To capture video of an enhancer contacting a gene, the researchers attached fluorescent tags to the enhancer and its target gene. The enhancers examined are those of a gene called eve, and they give rise to a pattern of seven stripes that forms on the surface of the developing embryo after about three hours.

Additionally, the researchers attached a separate fluorescent tagging system to the target gene that lights up when the gene is activated and undergoes transcription to produce an intermediary readout of the genetic code, a molecule called RNA.

Analyses of how enhancers activate genes can aid in the understanding of normal development, when even small genetic missteps can result in birth defects. The timing of gene activation also is important in the development of many diseases including cancer.

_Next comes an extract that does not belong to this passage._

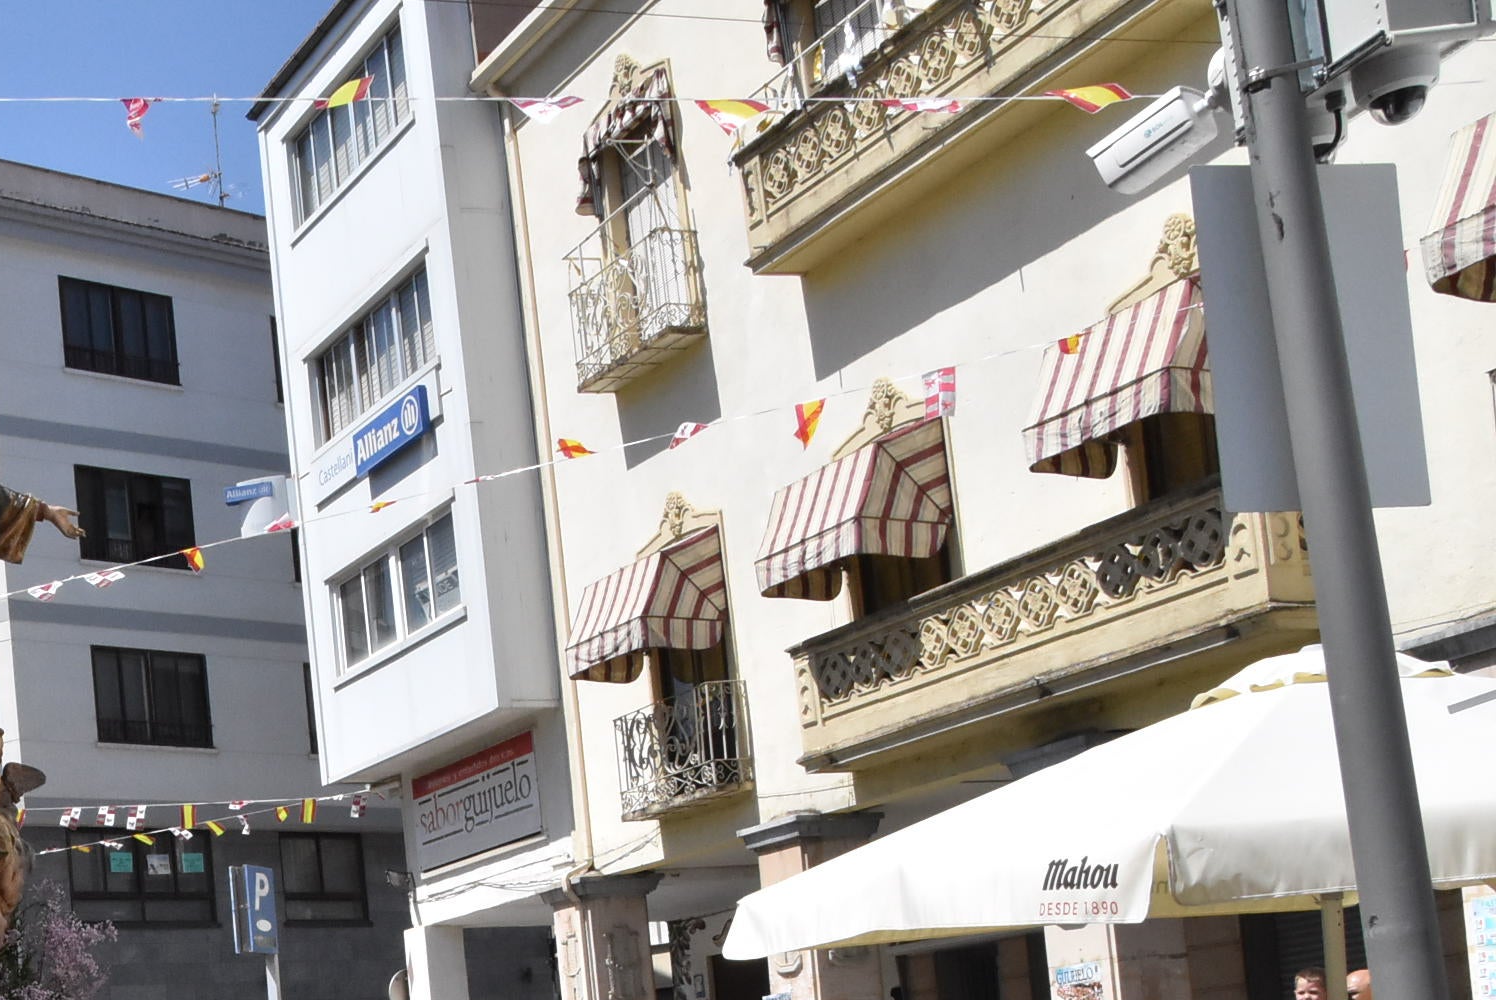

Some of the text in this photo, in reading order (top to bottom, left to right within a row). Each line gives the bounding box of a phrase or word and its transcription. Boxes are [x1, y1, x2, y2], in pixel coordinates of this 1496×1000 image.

“The key to curing such conditions is our ability to elucidate underlying mechanisms,” said Thomas Gregor, the current study’s senior author and an associate professor of physics at the Lewis-Sigler Institute for Integrative Genomics. “The goal is to use these rules to regulate and re-engineer the programs underlying development and disease processes.”

“Facilitated long-range activation results in transcriptional competition at the locus, causing corresponding developmental defects,” the authors of the current study concluded. “Our approach offers quantitative insight into the spatial and temporal determinants of long-range gene regulation and their implications for cellular fates.”